* _YOUR ASSIGNMENT_:
Only the text belongs in the copy. Transcribe the data exactly and drop any pictures.

[[ INFORMATION GIVEN, beginning ]]

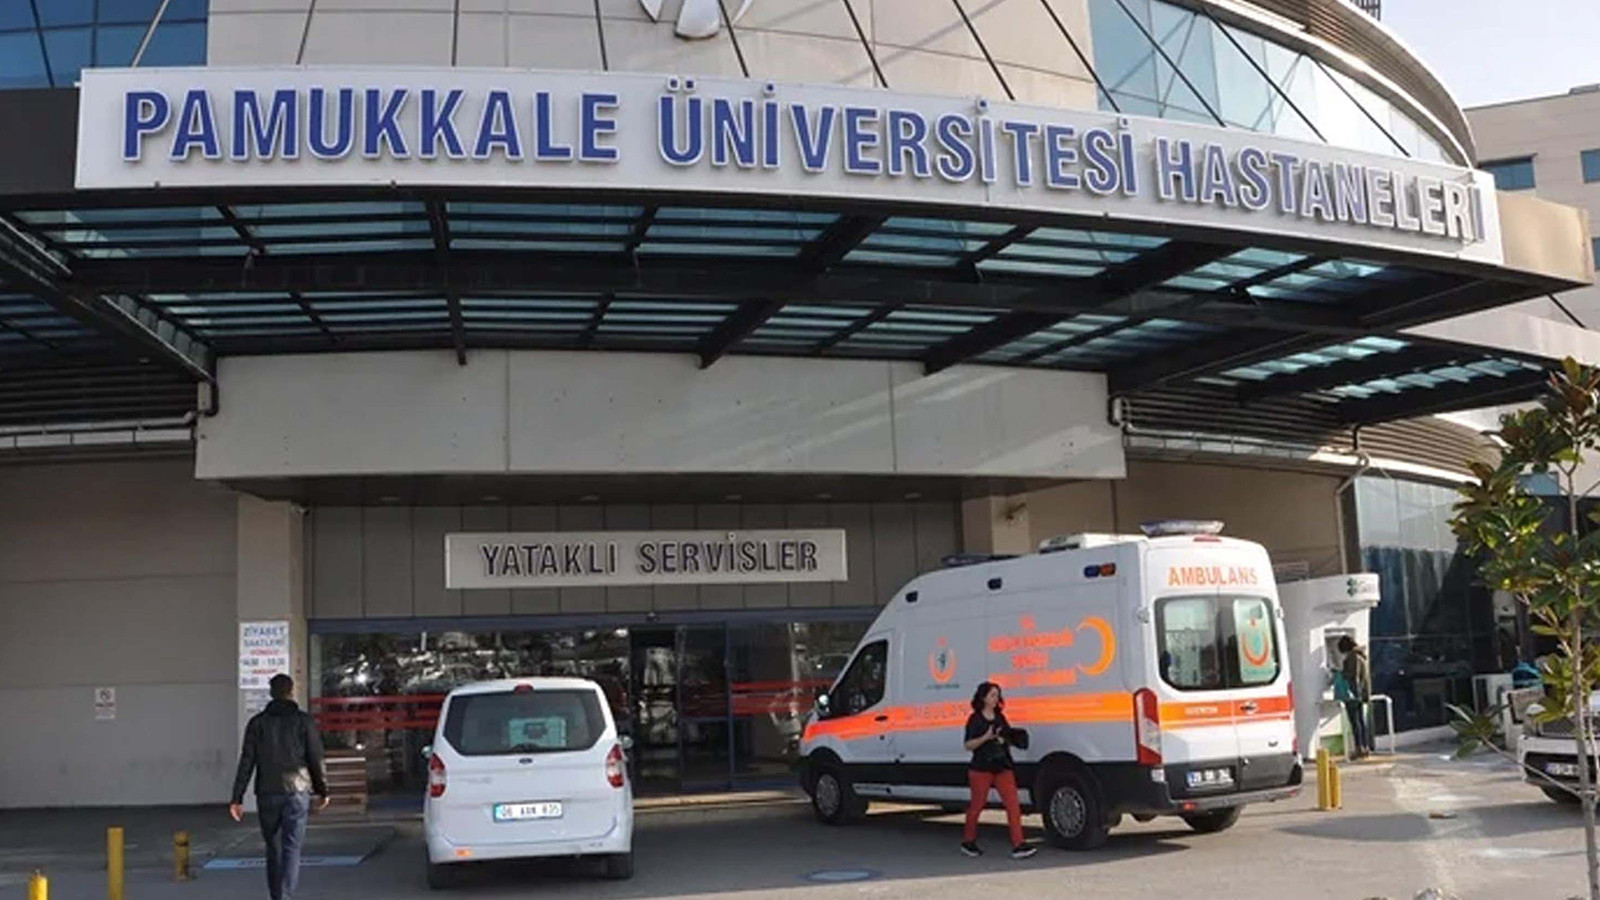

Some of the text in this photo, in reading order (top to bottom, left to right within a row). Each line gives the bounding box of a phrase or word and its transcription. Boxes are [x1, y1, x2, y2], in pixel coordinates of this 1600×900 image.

[122, 77, 1487, 242] PAMUKKALE ÜNİVERSİTESİ HASTANELERİ
[481, 531, 819, 576] YATAKLI SERVİSLER
[1167, 566, 1259, 587] AMBULANS
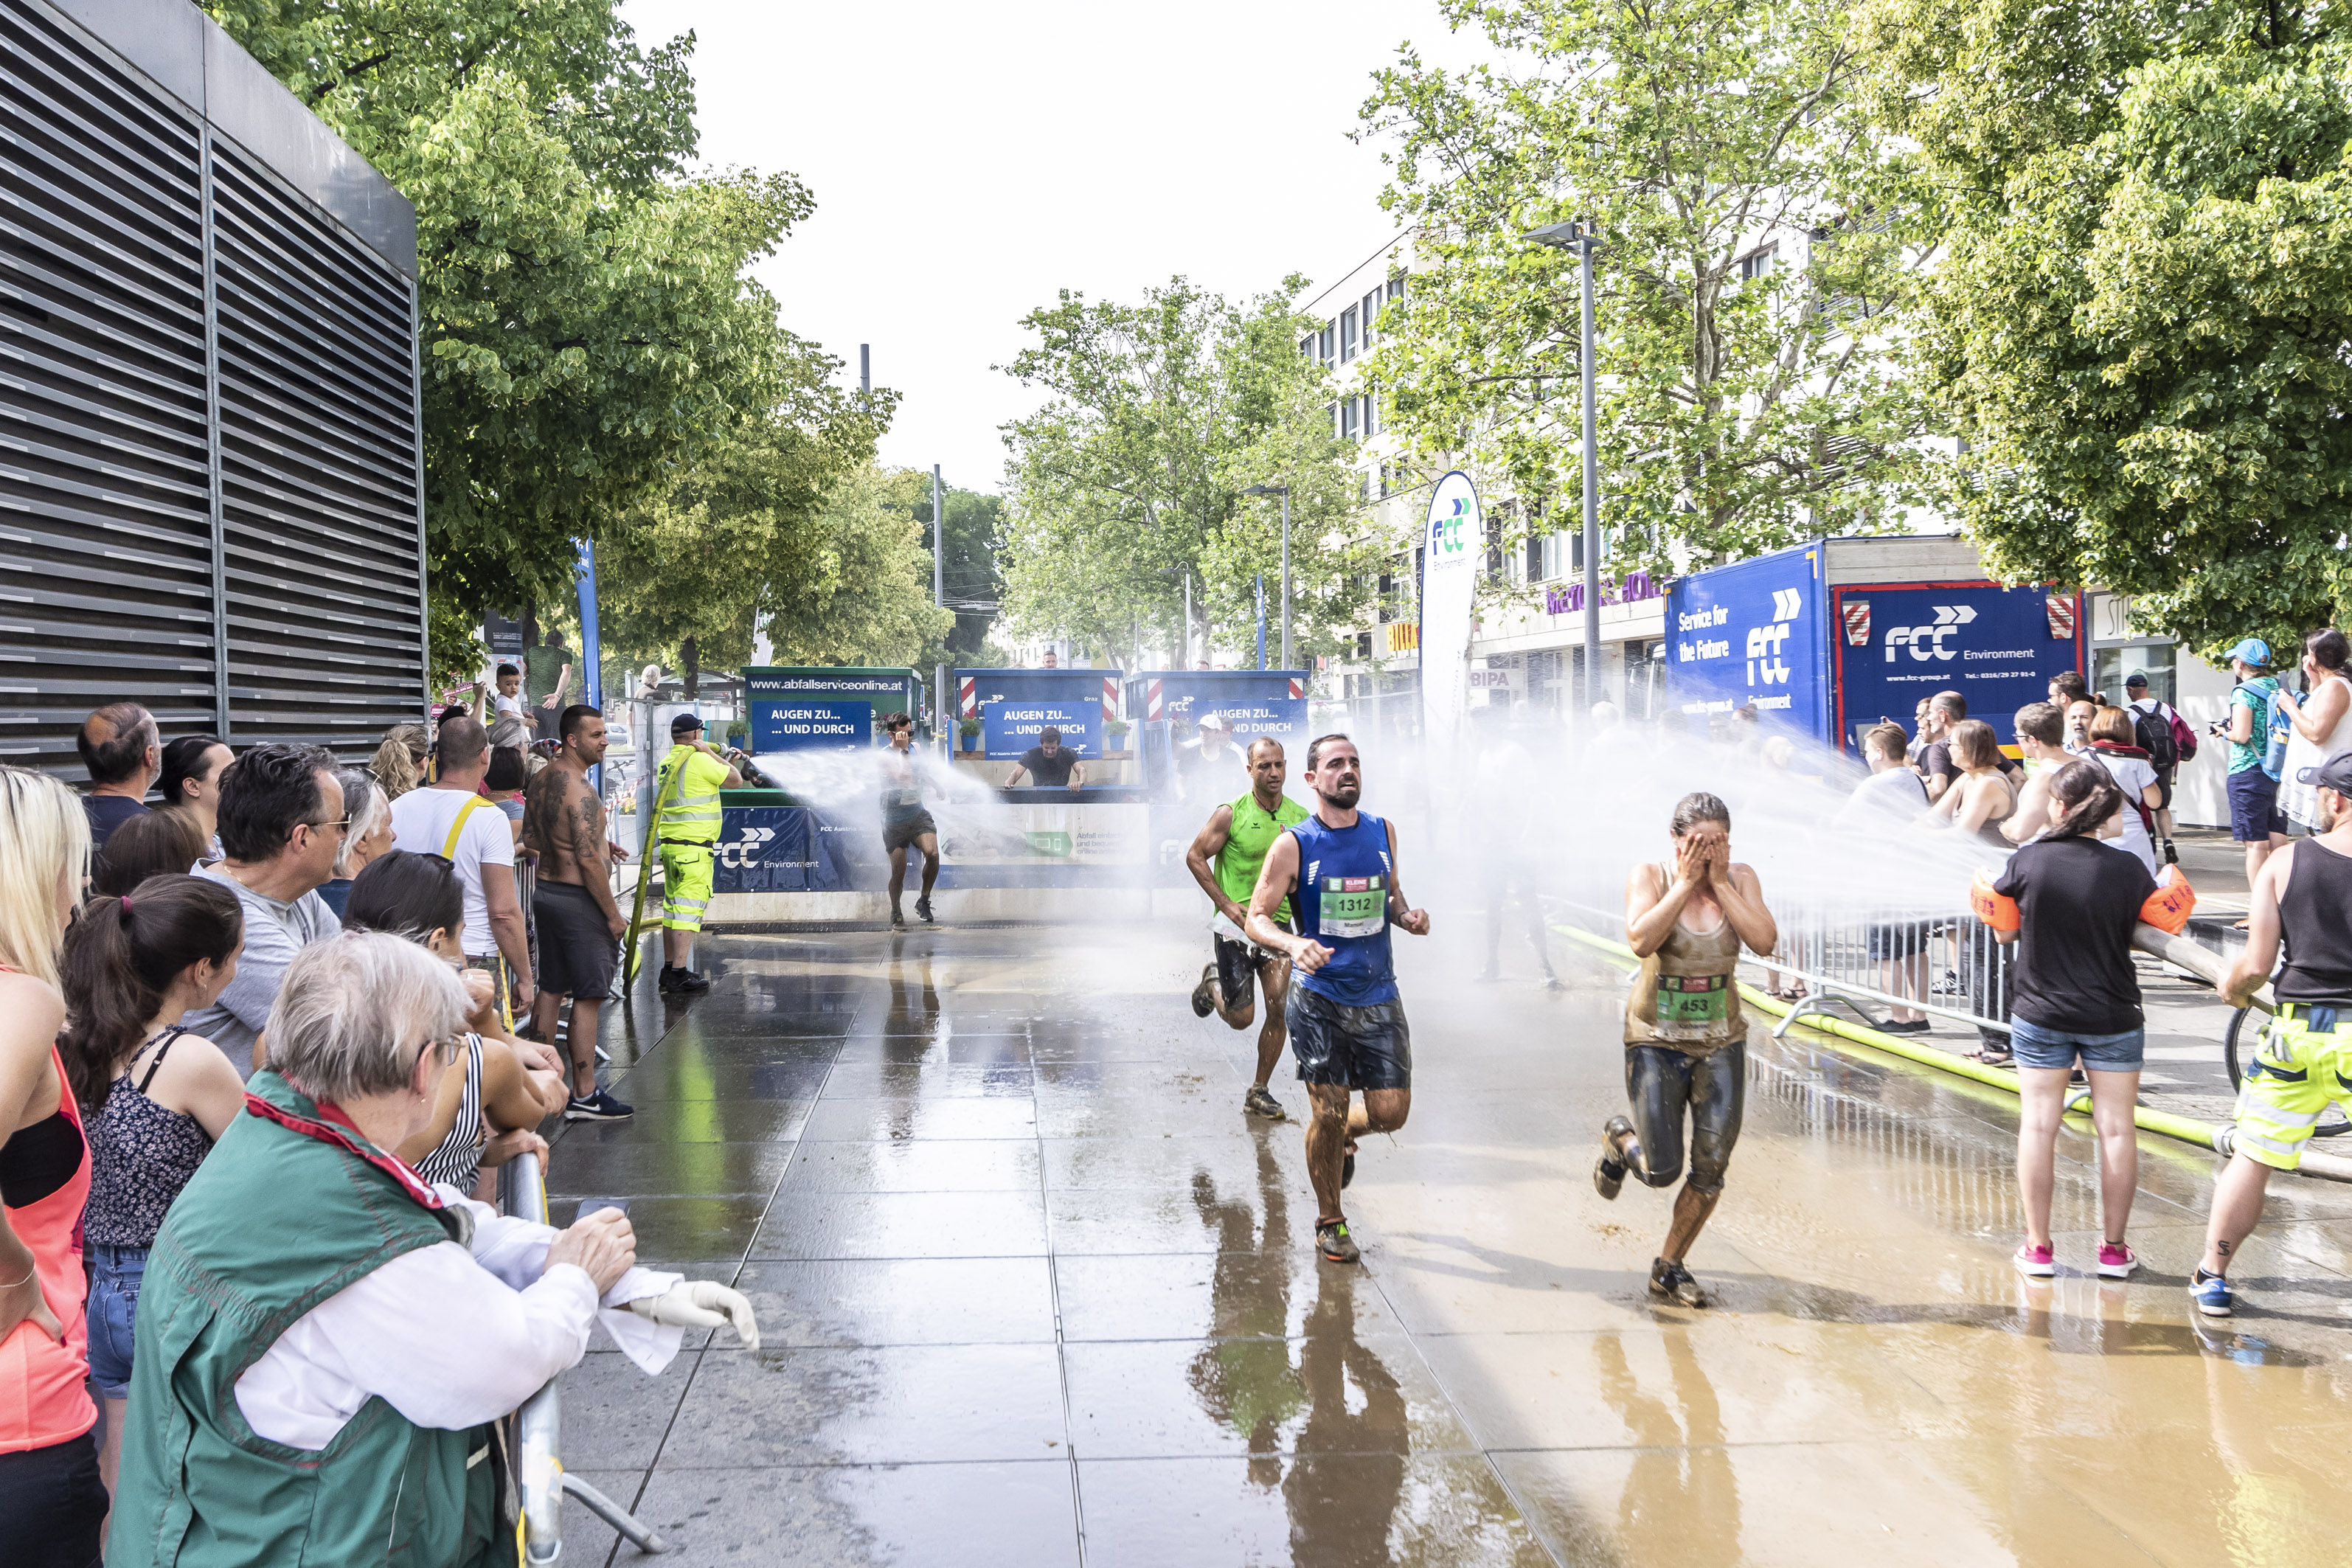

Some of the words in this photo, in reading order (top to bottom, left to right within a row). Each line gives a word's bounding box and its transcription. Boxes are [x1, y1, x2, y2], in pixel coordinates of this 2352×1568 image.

[1433, 517, 1464, 555] FCC
[1679, 608, 1712, 632] Service
[1713, 604, 1728, 625] for
[1387, 623, 1420, 652] BILLA
[1885, 625, 1958, 662] FCC
[1679, 642, 1695, 662] the
[1696, 639, 1730, 660] Future
[1746, 622, 1791, 687] FCC
[1963, 648, 2035, 660] Environment
[1470, 671, 1509, 687] BIPA
[1886, 673, 1951, 682] www.fcc-group.at
[751, 679, 903, 691] www.abfallserviceonline.at
[1168, 701, 1189, 712] FCC
[771, 710, 811, 720] AUGEN
[814, 710, 841, 720] ZU...
[1004, 710, 1044, 721] AUGEN
[1046, 710, 1072, 720] ZU...
[1212, 709, 1250, 719] AUGEN
[1253, 708, 1278, 718] ZU...
[784, 724, 811, 735] UND
[813, 724, 854, 735] DURCH
[1016, 725, 1041, 735] UND
[1044, 724, 1085, 734] URCH
[1252, 722, 1291, 733] DURCH
[764, 860, 819, 869] Environment
[1339, 898, 1371, 912] 1312
[1680, 999, 1708, 1013] 453
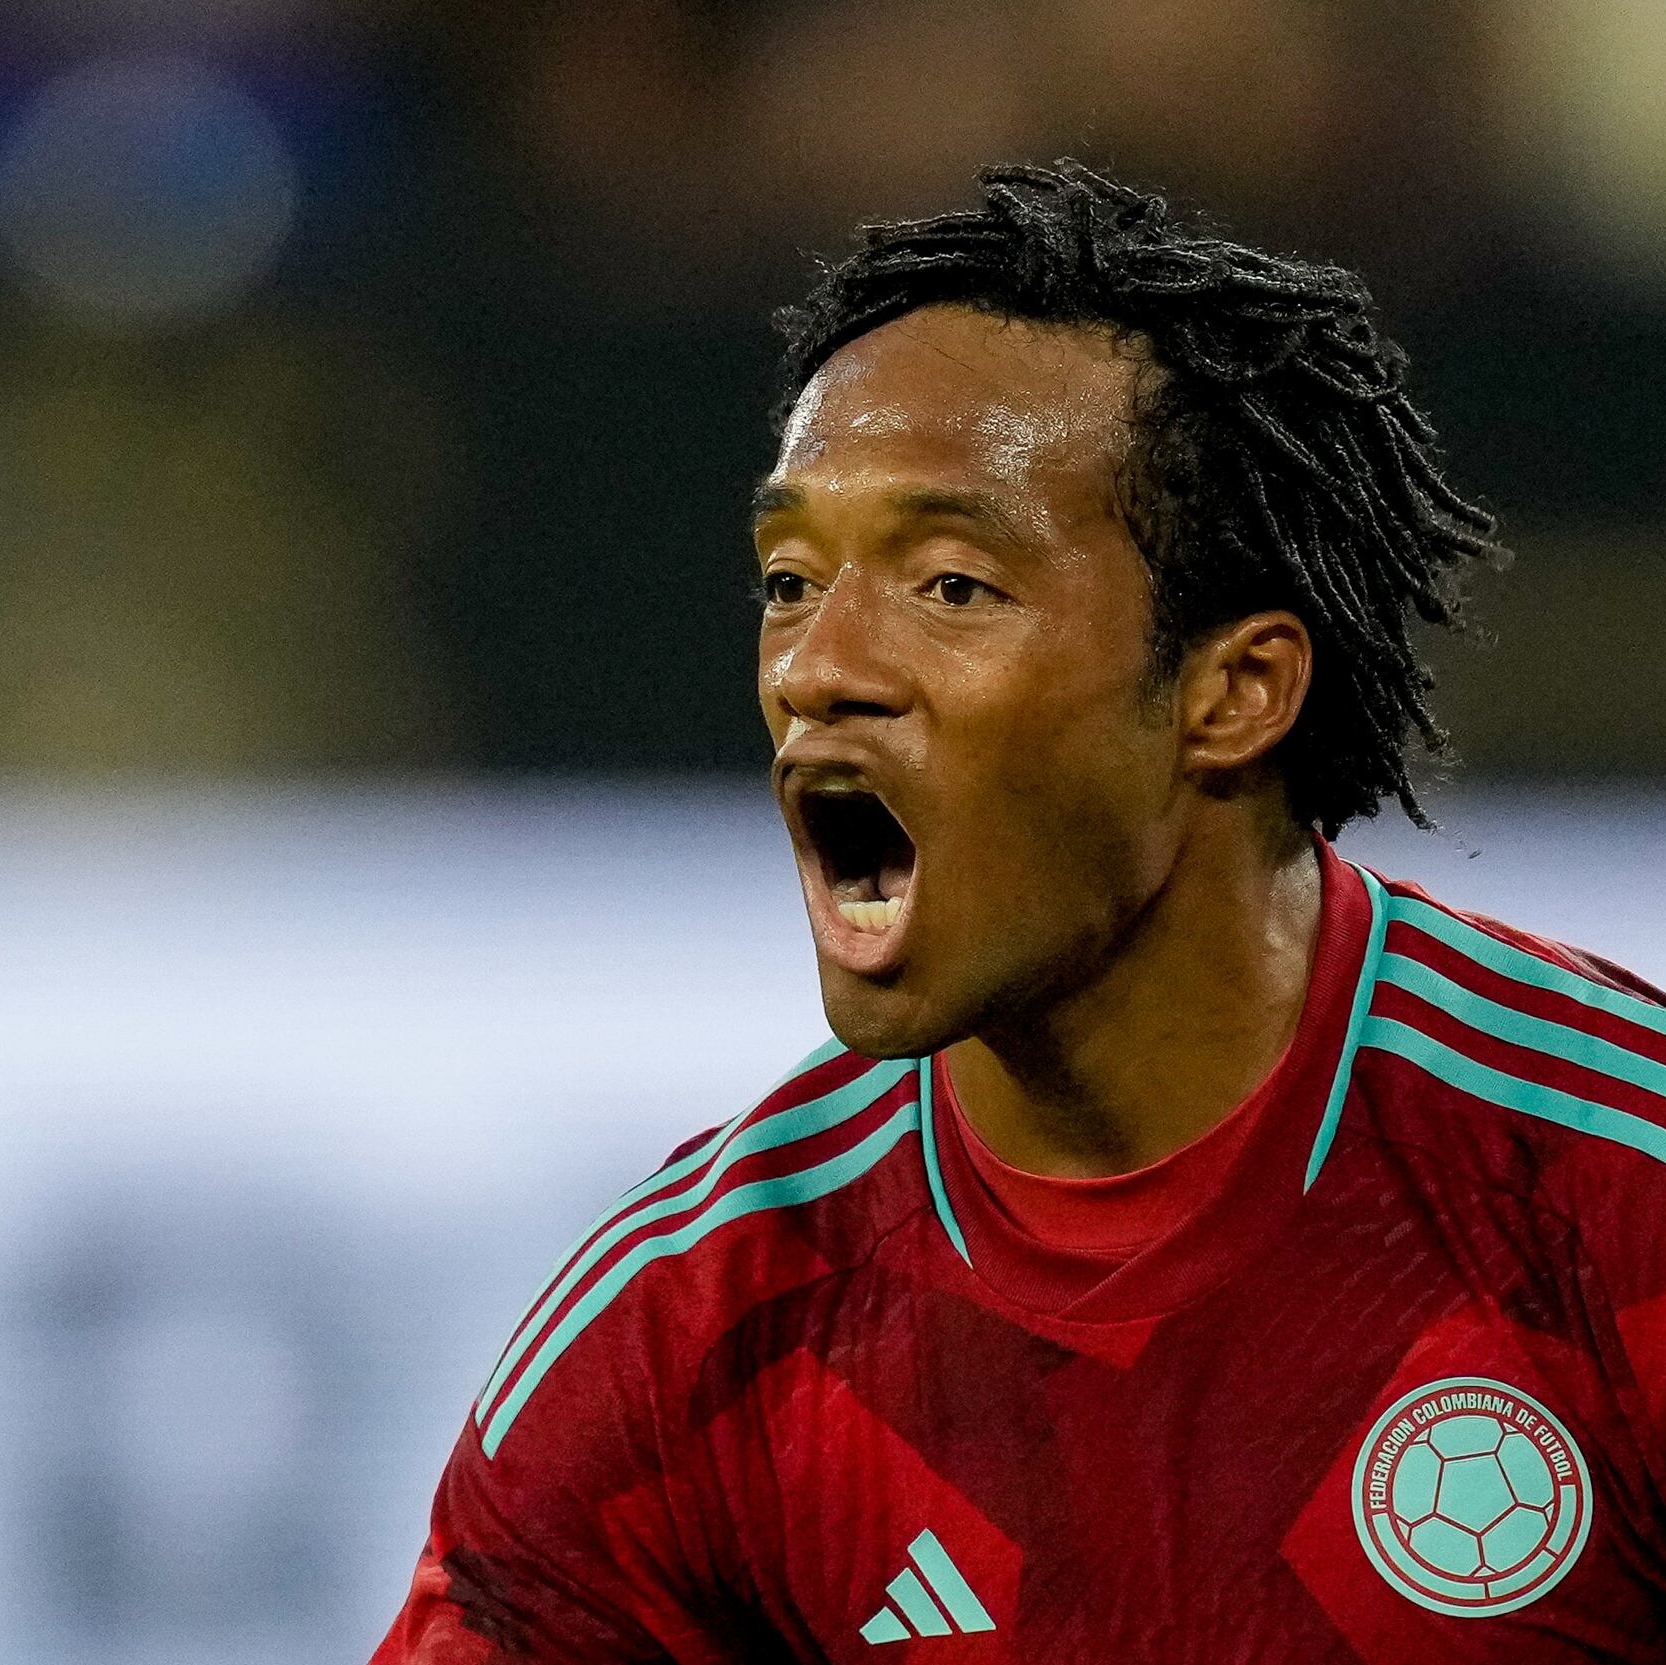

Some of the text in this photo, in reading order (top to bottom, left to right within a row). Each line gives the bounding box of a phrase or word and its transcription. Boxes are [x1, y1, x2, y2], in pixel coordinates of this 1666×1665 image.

[1370, 1392, 1573, 1510] FEDERACION COLOMBIANA DE FUTBOL

[[ INFORMATION GIVEN, end ]]

* _TASK RESPONSE_:
Some of the text in this photo, in reading order (top to bottom, left to right within a row). Each line gives the bounding box of a phrase or word and its transcription. Boxes are [x1, y1, x2, y2], in pixel coordinates of this 1600×900 image.

[122, 77, 1487, 242] PAMUKKALE ÜNİVERSİTESİ HASTANELERİ
[481, 531, 819, 576] YATAKLI SERVİSLER
[1167, 566, 1259, 587] AMBULANS

Some of the words in this photo, in reading order (top to bottom, left to right within a row). Each line gives a word's bounding box and its transcription. Boxes are [x1, y1, x2, y2], in pixel coordinates of this 2352×1568 image.

[1433, 517, 1464, 555] FCC
[1679, 608, 1712, 632] Service
[1713, 604, 1728, 625] for
[1387, 623, 1420, 652] BILLA
[1885, 625, 1958, 662] FCC
[1679, 642, 1695, 662] the
[1696, 639, 1730, 660] Future
[1746, 622, 1791, 687] FCC
[1963, 648, 2035, 660] Environment
[1470, 671, 1509, 687] BIPA
[1886, 673, 1951, 682] www.fcc-group.at
[751, 679, 903, 691] www.abfallserviceonline.at
[1168, 701, 1189, 712] FCC
[771, 710, 811, 720] AUGEN
[814, 710, 841, 720] ZU...
[1004, 710, 1044, 721] AUGEN
[1046, 710, 1072, 720] ZU...
[1212, 709, 1250, 719] AUGEN
[1253, 708, 1278, 718] ZU...
[784, 724, 811, 735] UND
[813, 724, 854, 735] DURCH
[1016, 725, 1041, 735] UND
[1044, 724, 1085, 734] URCH
[1252, 722, 1291, 733] DURCH
[764, 860, 819, 869] Environment
[1339, 898, 1371, 912] 1312
[1680, 999, 1708, 1013] 453

Some of the text in this photo, in reading order (top to bottom, left to right within a row). Each line gives the bounding box of a phrase or word and its transcription. Boxes are [x1, y1, x2, y2], in pixel coordinates of this 1666×1665 image.

[1370, 1392, 1573, 1510] FEDERACION COLOMBIANA DE FUTBOL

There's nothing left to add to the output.